The Lesley Ann Downey tape so horrified people when it was played in court that it sealed the fate of both Brady and Hindley forever. The death penalty had been abolished while they were held on remand before trial, otherwise Hindley, and not Ruth Ellis, would surely have been the last woman to be executed in Britain.

The final element which keeps the moors murders embedded in people's minds nearly half a century afterwards is that Myra Hindley was a woman. Even now, after years of the feminist movement and growing female assertion, women serial killers are rare. Some we can neatly label and therefore file away mentally as comprehensible. They do not unsettle our whole view of the world. Aileen Wuornos, executed in Florida in 2002 for the murders of six men, had led a life of torment so baroque (abandonment, rape, brutal beatings and a schizophrenic father who hanged himself in prison), it's a wonder she killed so few. In film-maker Nick Broomfield's 2003 documentary, Aileen: Life And Death Of A Serial Killer, she was visibly unhinged and paranoid, leading any observer to wonder how she could possibly be judged sane.

We can understand such cases, but nothing in Myra Hindley's background explains what she did. Yes, her father was violent, though he seems to have turned his aggression on his wife more than his daughters. Yes, she lived with her grandmother rather than in the family home, but that was not so uncommon an arrangement in those days and her grandmother loved and spoiled her. Yes, she fell madly in love with Ian Brady, but still had an affair with another man while she was with him. None of it fitted the template we as a society provide to explain such extremes of behaviour.
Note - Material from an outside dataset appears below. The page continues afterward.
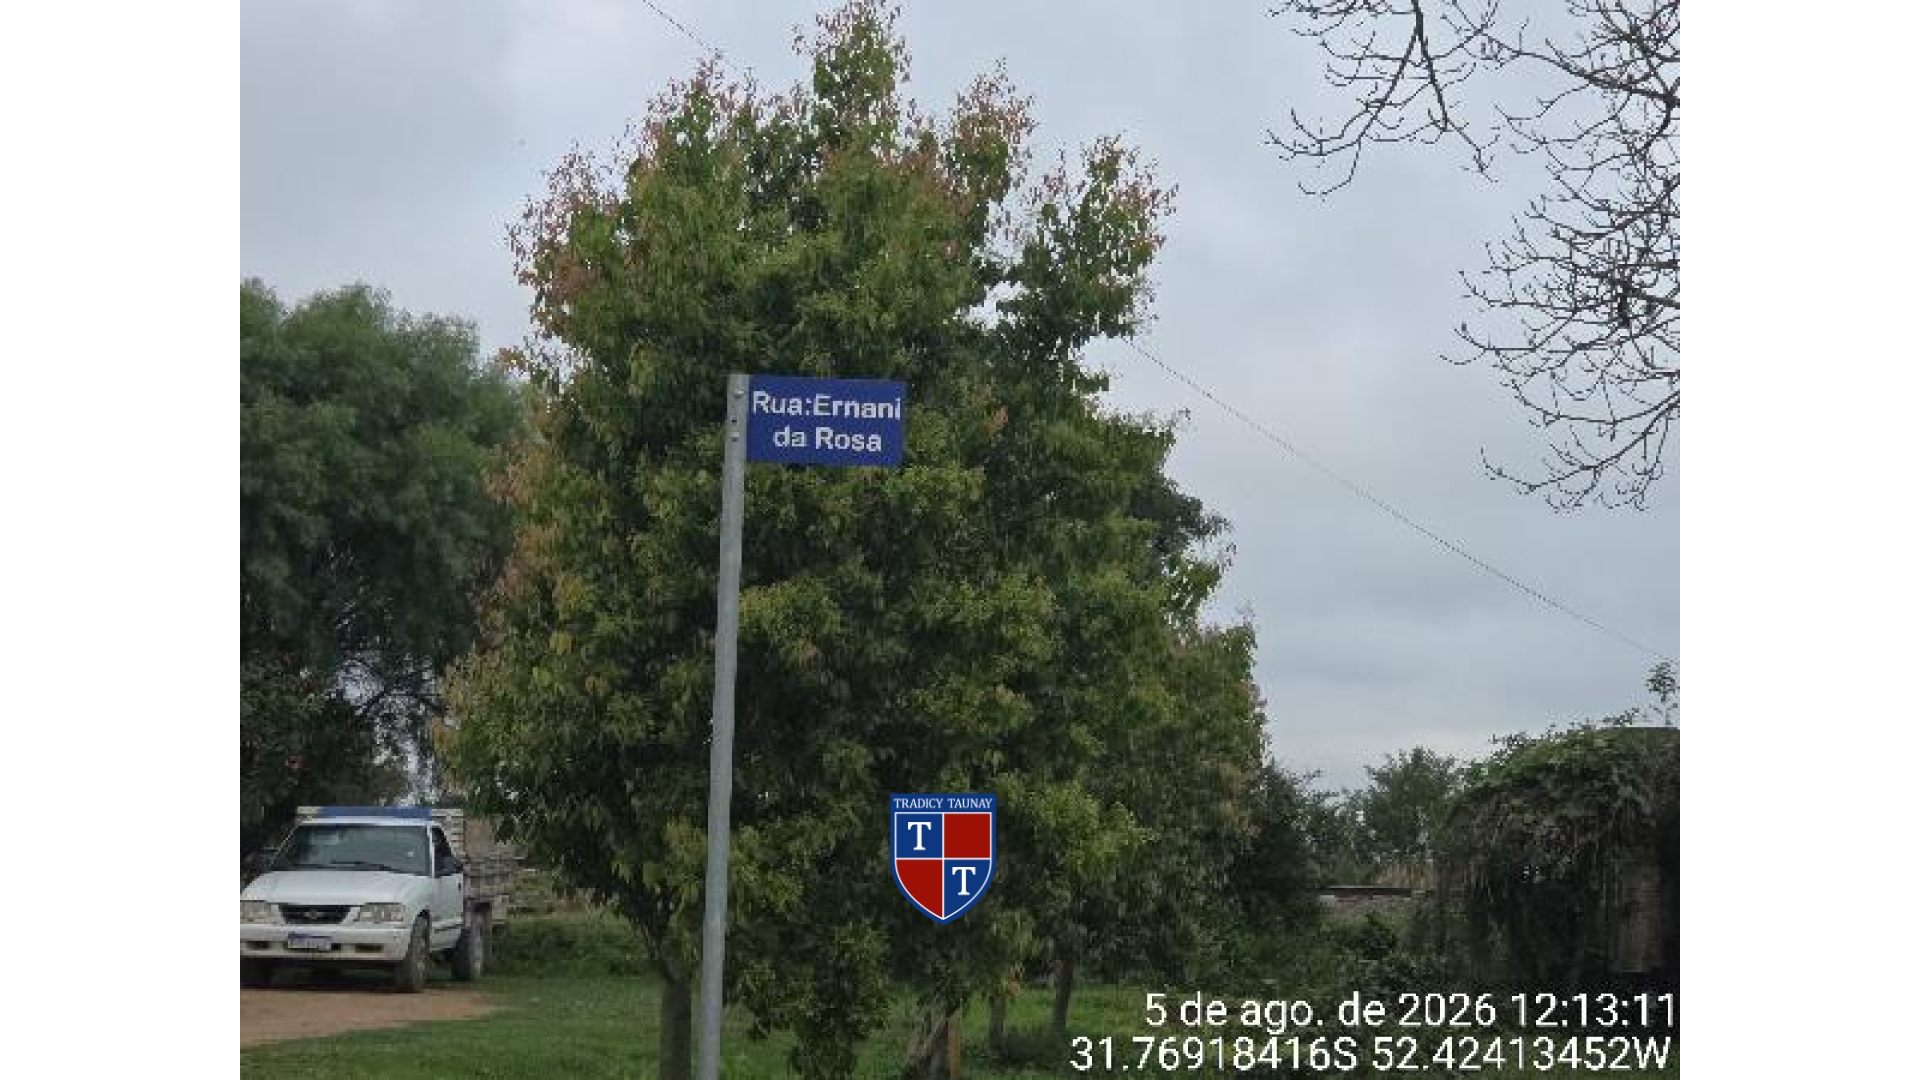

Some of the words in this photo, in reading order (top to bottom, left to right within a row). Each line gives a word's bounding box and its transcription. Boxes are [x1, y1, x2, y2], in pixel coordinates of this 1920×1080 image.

Myra Hindley, it seems to me, was the first woman who killed as male killers do. Historically, women who murdered did so in the domestic setting, either for love or for money. Mary Ann Cotton, for example, poisoned 20 people, including her own children – for the insurance pay-out. She was hanged in Durham jail in 1893. But Hindley entered into a world of sex and sadism for no other reason than the pleasure she and her lover took in inflicting pain on others. She said later that their lovemaking was always at its peak after a murder.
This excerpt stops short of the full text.